Tracey S Rosenberg
Biography
Tracey S. Rosenberg used to write 'poet' as her occupation on immigration documents, and remains astonished that the Home Office never deported her for smugness. She eventually became British, and now revels in swanning through EU passport control. Among her literary accomplishments since moving to Scotland are writing a PhD on the late-Victorian writer Mona Caird (and treating the National Library of Scotland as her local during her doctoral research): working as Bookstalls Assistant at StAnza and Booksales Officer at the Edinburgh International Book Festival; being a Bright Ideas fellow at the ESRC Genomics Forum, where she ran student workshops on poetry and science; publishing poems in Anon, Chapman, and New Writing Scotland; and selling her WWII novel The Girl in the Bunker to Glasgow-based publisher Cargo (forthcoming in 2011). She plans to spend her next birthday on Easter Island.

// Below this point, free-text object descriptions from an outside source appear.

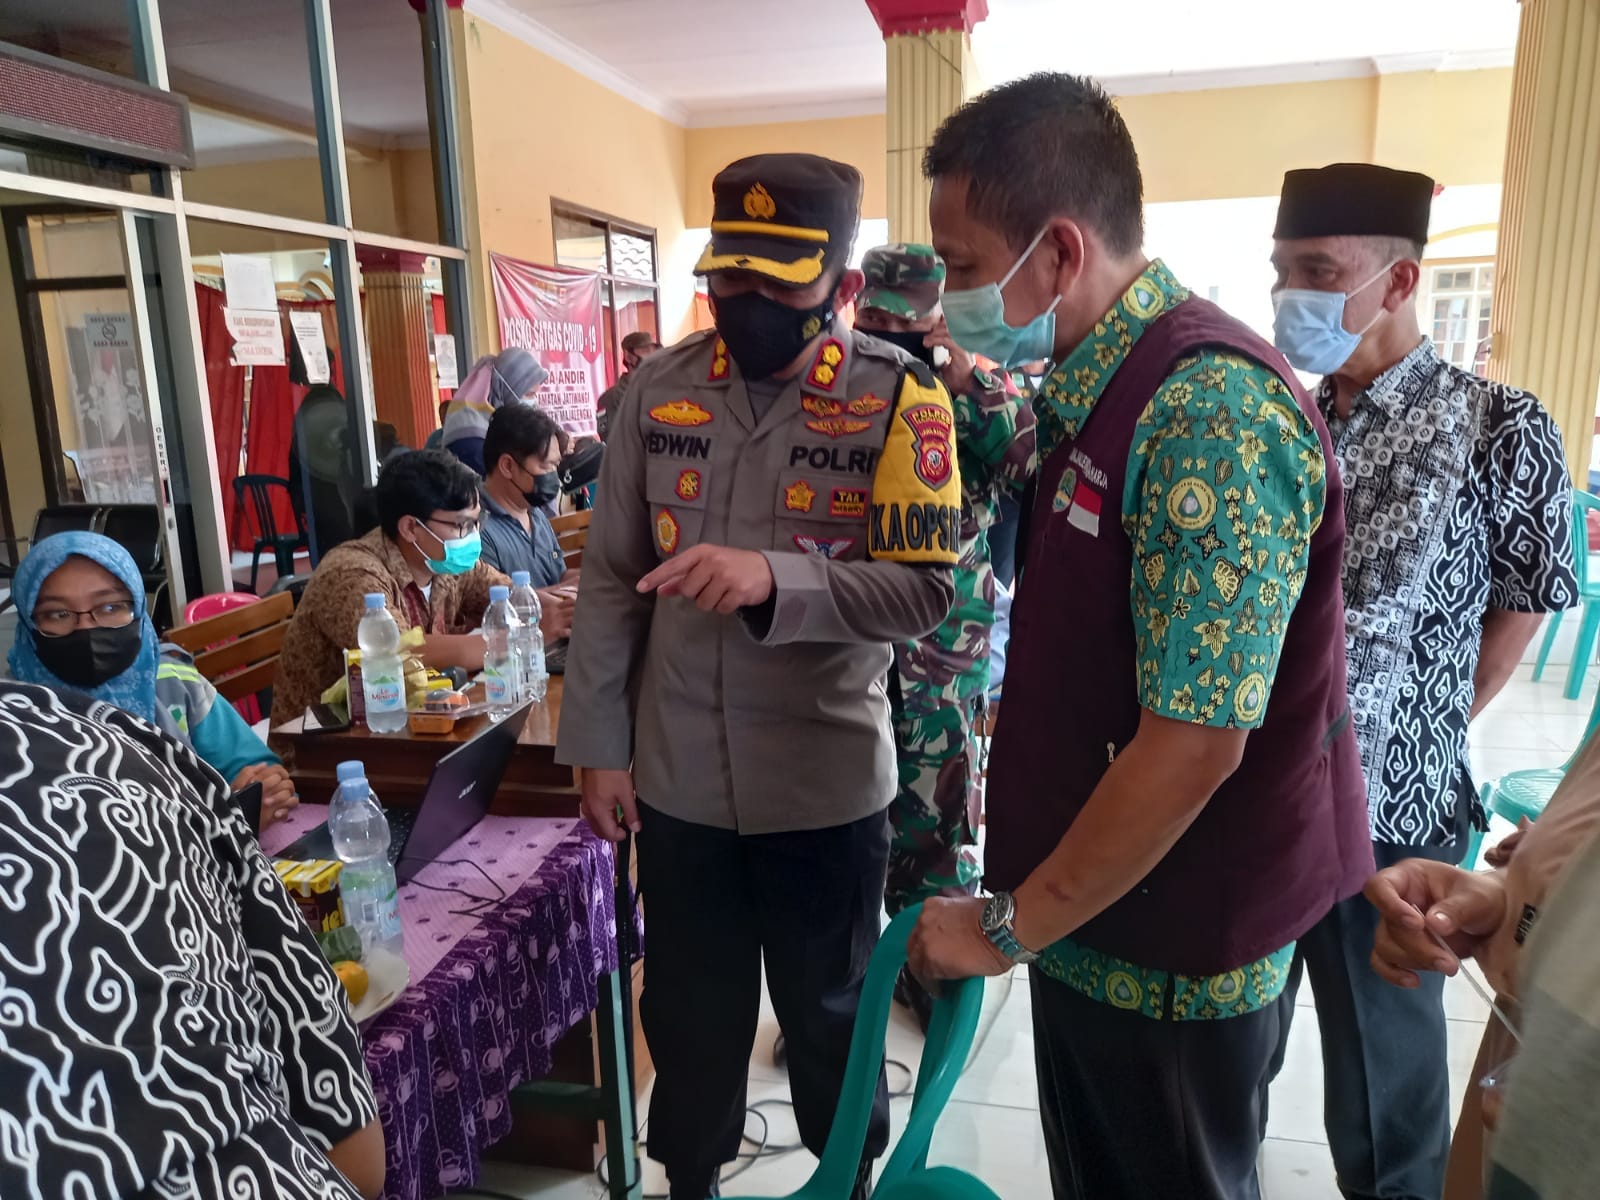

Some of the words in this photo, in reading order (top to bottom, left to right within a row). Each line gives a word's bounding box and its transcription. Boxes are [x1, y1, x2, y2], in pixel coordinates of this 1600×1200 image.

[504, 317, 532, 349] POSKO
[533, 319, 562, 351] SATGAS
[563, 322, 584, 353] COVID
[588, 324, 597, 353] 19
[558, 370, 586, 385] ANDIR
[912, 407, 951, 426] POLRES
[648, 432, 711, 460] EDWIN
[789, 445, 875, 475] POLRI

She blogs about writing (mostly) at http://tsrosenberg.wordpress.com
During her award period, she'll be working on a collection of poetry tentatively titled Secondary.
Writing Sample
Cancer villanelle
Needles plunge. Consultants come and go.
Today, leukocytes are easy to locate;
tomorrow, next year, they may sink below.

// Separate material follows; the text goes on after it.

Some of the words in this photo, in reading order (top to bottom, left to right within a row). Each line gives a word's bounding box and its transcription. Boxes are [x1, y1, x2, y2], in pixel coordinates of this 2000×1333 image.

Taxol drags at her heart. The drip, so slow,
eases on, flowing down her hand's tight veins
as needles plunge and consultants come and go.

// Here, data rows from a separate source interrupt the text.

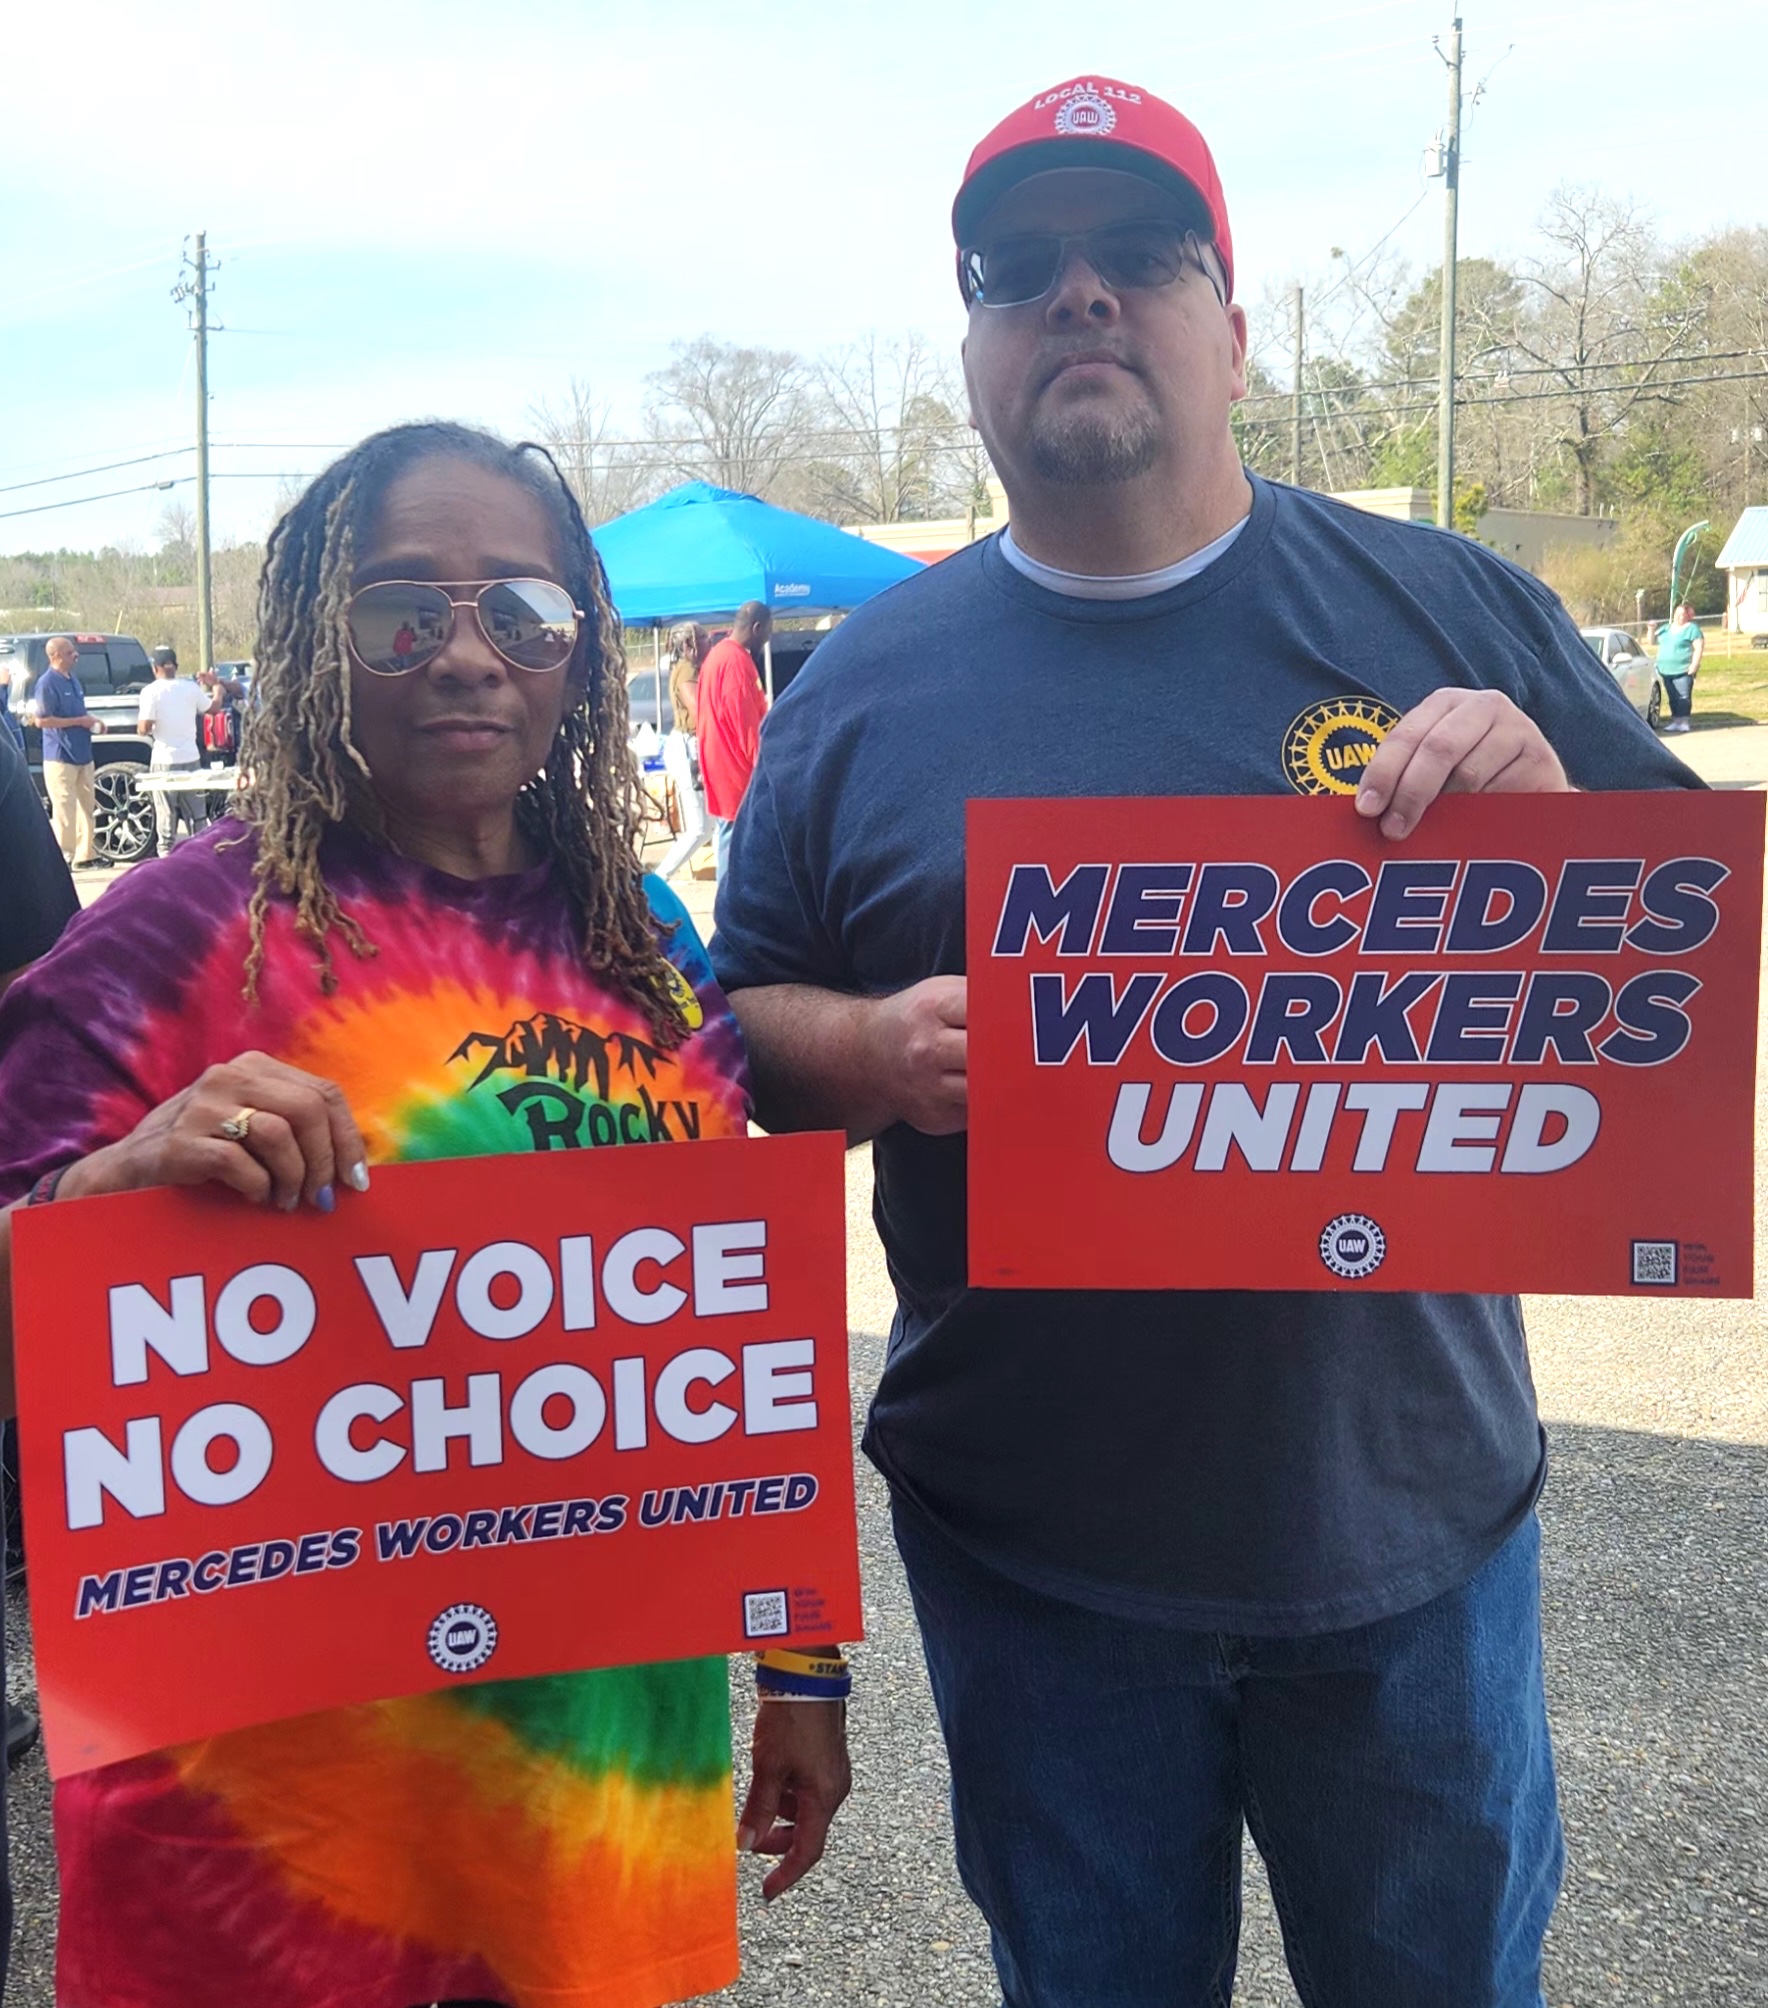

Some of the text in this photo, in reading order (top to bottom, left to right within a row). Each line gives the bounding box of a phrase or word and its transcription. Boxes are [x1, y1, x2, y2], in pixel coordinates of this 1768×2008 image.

[1034, 82, 1142, 109] LOCAL 112
[1072, 111, 1098, 124] UAW
[1325, 743, 1377, 770] UAW
[991, 857, 1732, 956] MERCEDES
[1029, 969, 1704, 1067] WORKERS
[1106, 1081, 1602, 1174] UNITED
[1338, 1238, 1366, 1253] UAW
[107, 1219, 769, 1387] NO VOICE
[63, 1338, 818, 1530] NO CHOICE
[74, 1474, 819, 1620] MERCEDES WORKERS UNITED
[447, 1629, 477, 1648] UAW

The nurses praise her husband's constancy, though
he's uneasy, each treatment -- can he sustain
her, tomorrow or next year, if she sinks below?
The ward's fish flit through a new tank, even though
the fatigued walls sag with the same diseased paint.
Needles plunge. Consultants come and go.
She still submerges, cold, forlorn. She knows
he'll ease her to a surface of hours, days,
tomorrow. Next year, she might sink below.
Bloods, infections, bruises, vomit, soothing low
tones, fish rising in an easy ballet:
tomorrow, next year, all these could sink below
the needle's plunge. Consultants come and go.
Comment
"I'm still not sure whether I'll ever be a Scottish writer (or even what that description means), but I've loved integrating into the Scottish literary communities, and this award makes me feel as though I can contribute quite a lot more."